Each entry that follows should be set down precisely, with its pictures removed.

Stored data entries
☆ ☆ ☆

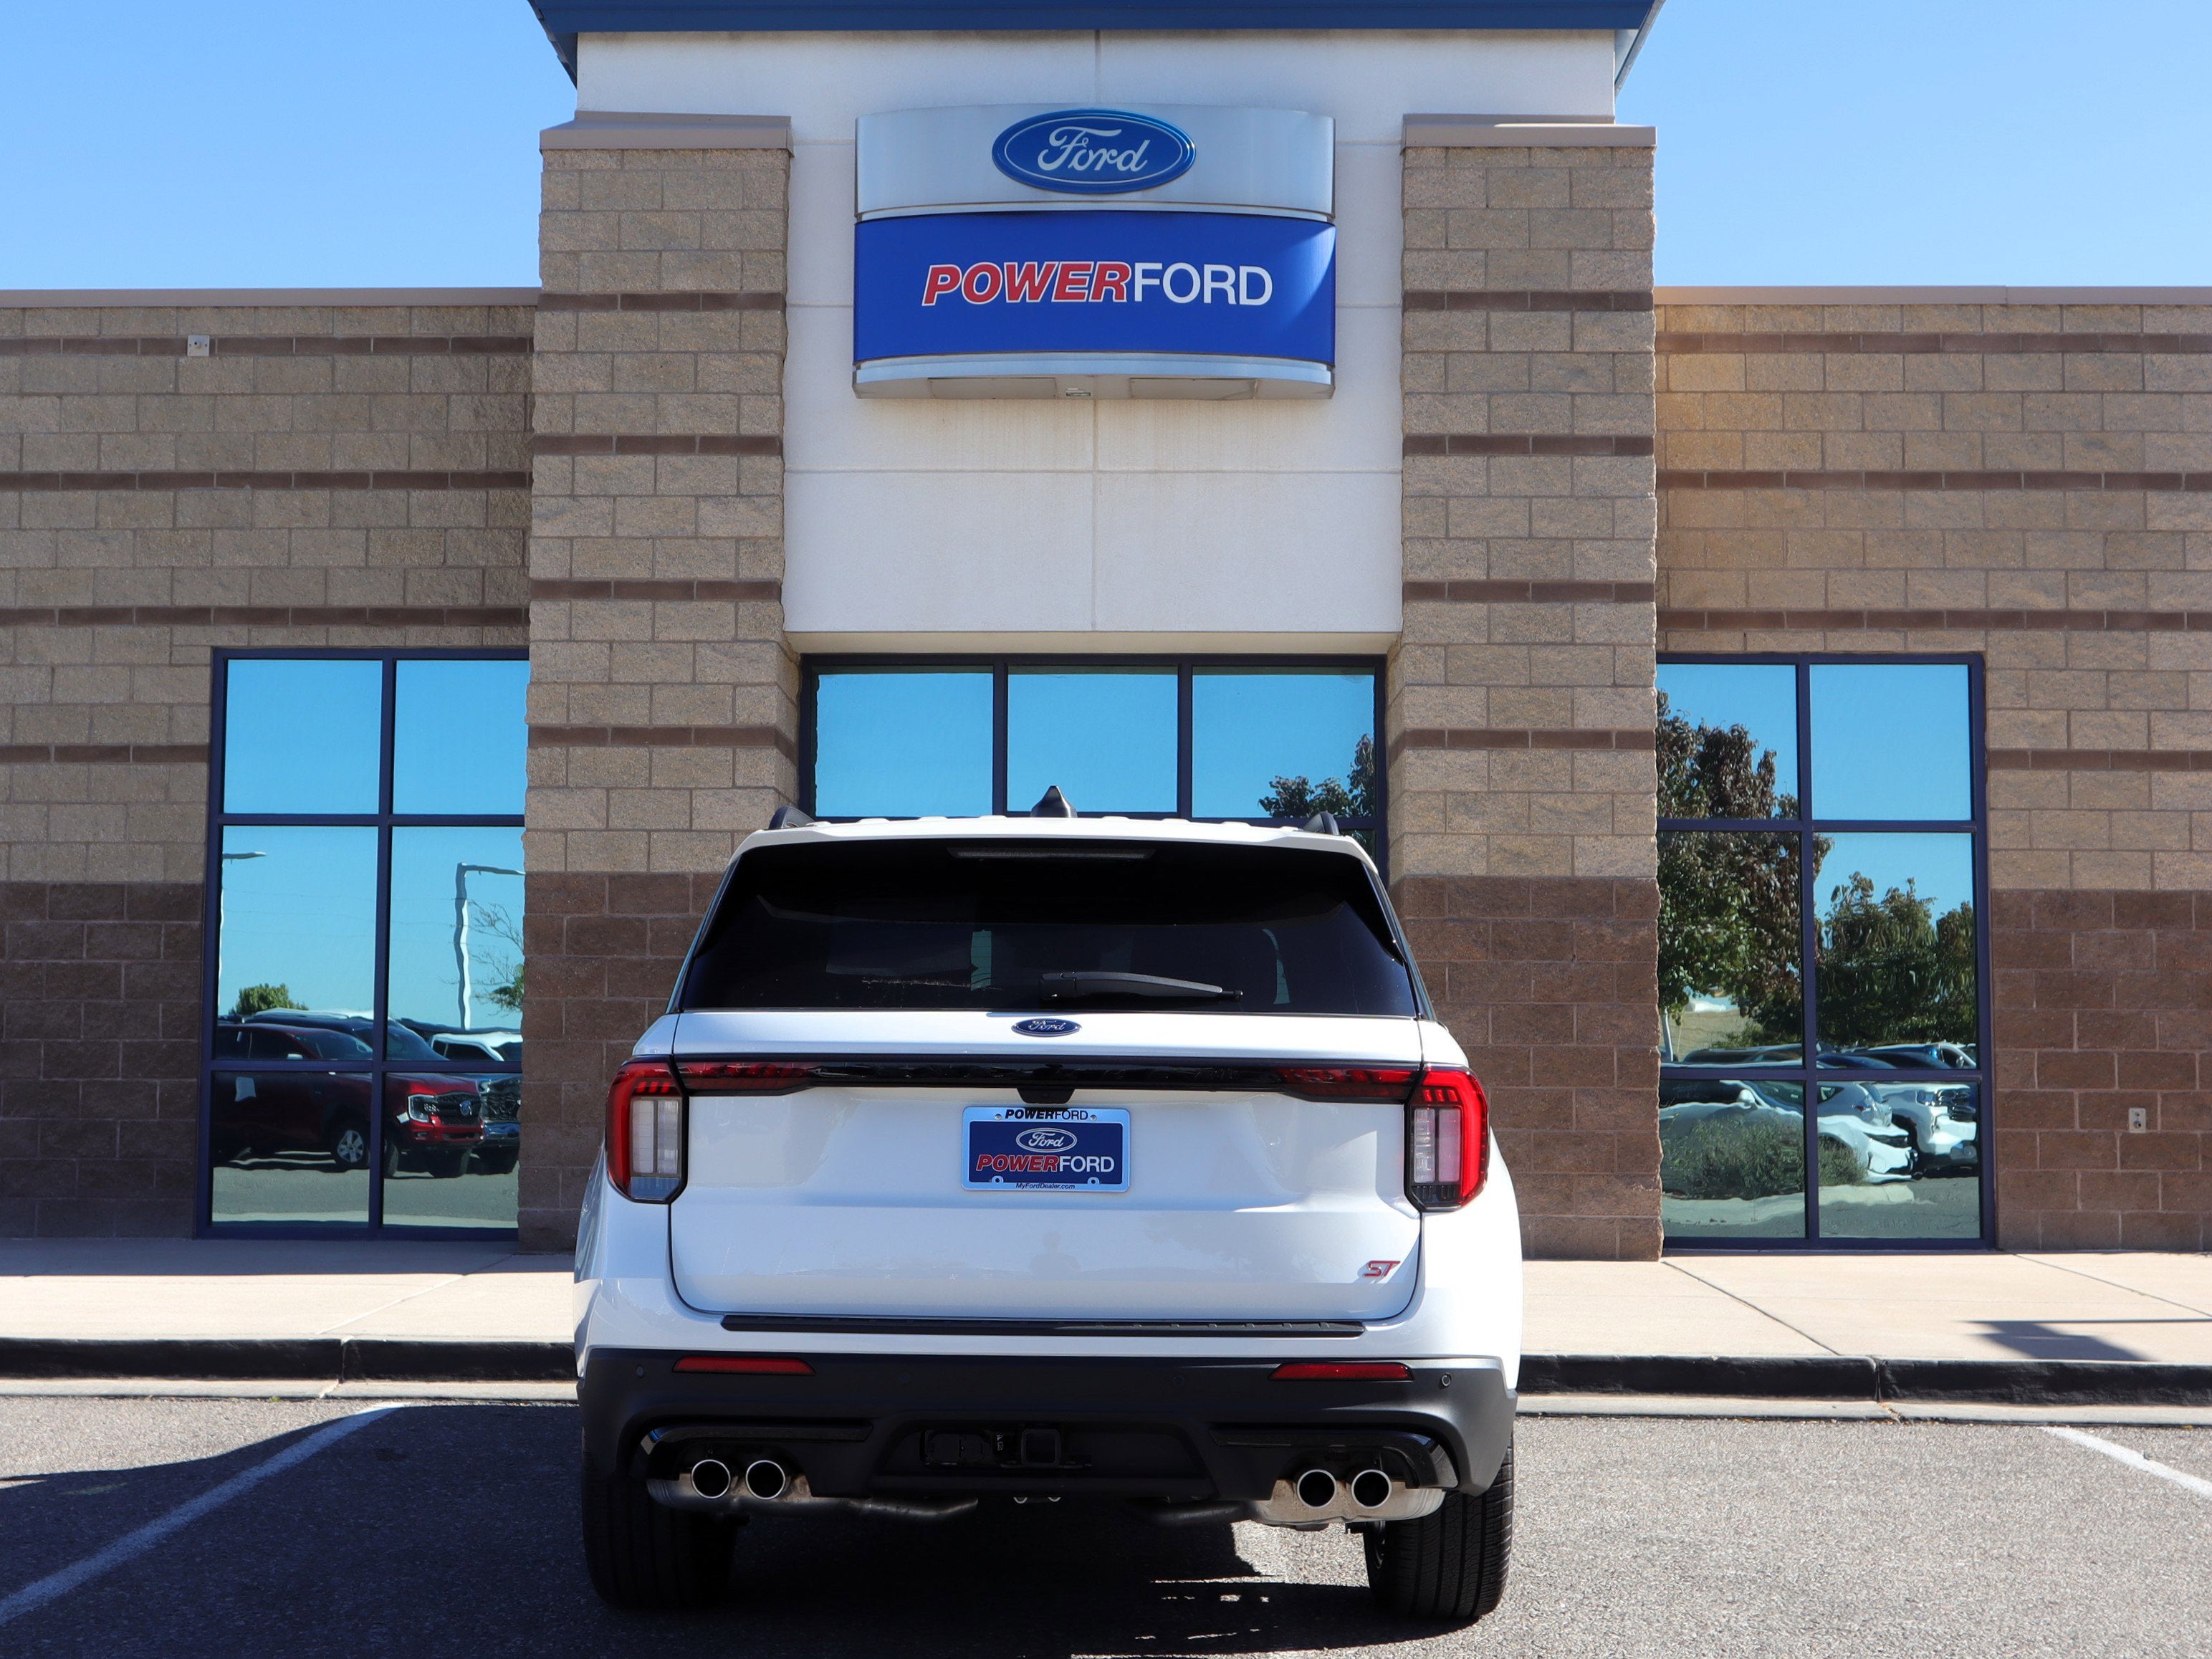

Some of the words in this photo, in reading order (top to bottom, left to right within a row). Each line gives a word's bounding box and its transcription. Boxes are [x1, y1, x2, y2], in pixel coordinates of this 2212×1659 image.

[1036, 125, 1150, 173] Ford
[921, 261, 1273, 307] POWERFORD
[1028, 1020, 1066, 1031] Ford
[1028, 1132, 1064, 1147] Ford
[975, 1154, 1115, 1173] POWERFORD
[1363, 1260, 1401, 1278] ST

☆ ☆ ☆

> [TASK SOLUTION]
Some of the words in this photo, in reading order (top to bottom, left to right within a row). Each line gives a word's bounding box and its transcription. Boxes are [x1, y1, x2, y2], in pixel coordinates of this 2212×1659 image.

[1036, 125, 1150, 173] Ford
[921, 261, 1273, 307] POWERFORD
[1028, 1020, 1066, 1031] Ford
[1028, 1132, 1064, 1147] Ford
[975, 1154, 1115, 1173] POWERFORD
[1363, 1260, 1401, 1278] ST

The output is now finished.